TASK INPUT
————————

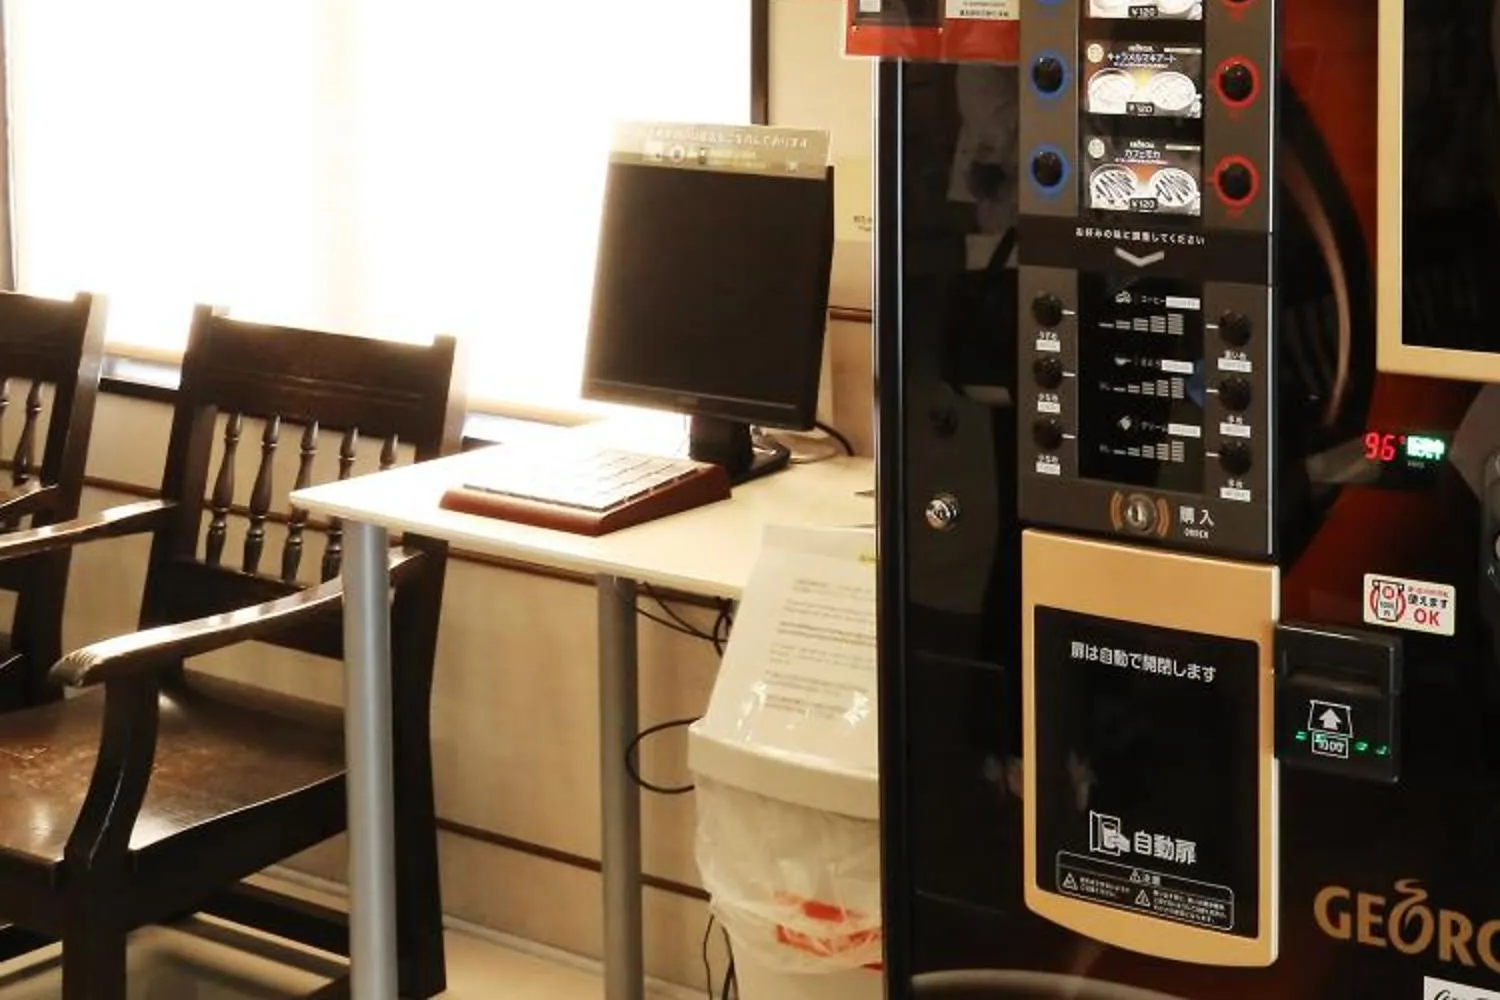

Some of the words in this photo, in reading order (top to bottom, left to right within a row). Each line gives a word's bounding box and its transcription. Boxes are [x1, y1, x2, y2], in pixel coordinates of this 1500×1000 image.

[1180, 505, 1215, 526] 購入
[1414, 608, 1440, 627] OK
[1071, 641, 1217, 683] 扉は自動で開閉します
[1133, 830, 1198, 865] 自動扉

————————

PROMPT
Without the pictures, write out the entire listing exactly.

SOLUTION FOR THIS EXERCISE
Some of the words in this photo, in reading order (top to bottom, left to right within a row). Each line gives a word's bounding box and its transcription. Boxes are [x1, y1, x2, y2], in pixel coordinates of this 1500×1000 image.

[1180, 505, 1215, 526] 購入
[1414, 608, 1440, 627] OK
[1071, 641, 1217, 683] 扉は自動で開閉します
[1133, 830, 1198, 865] 自動扉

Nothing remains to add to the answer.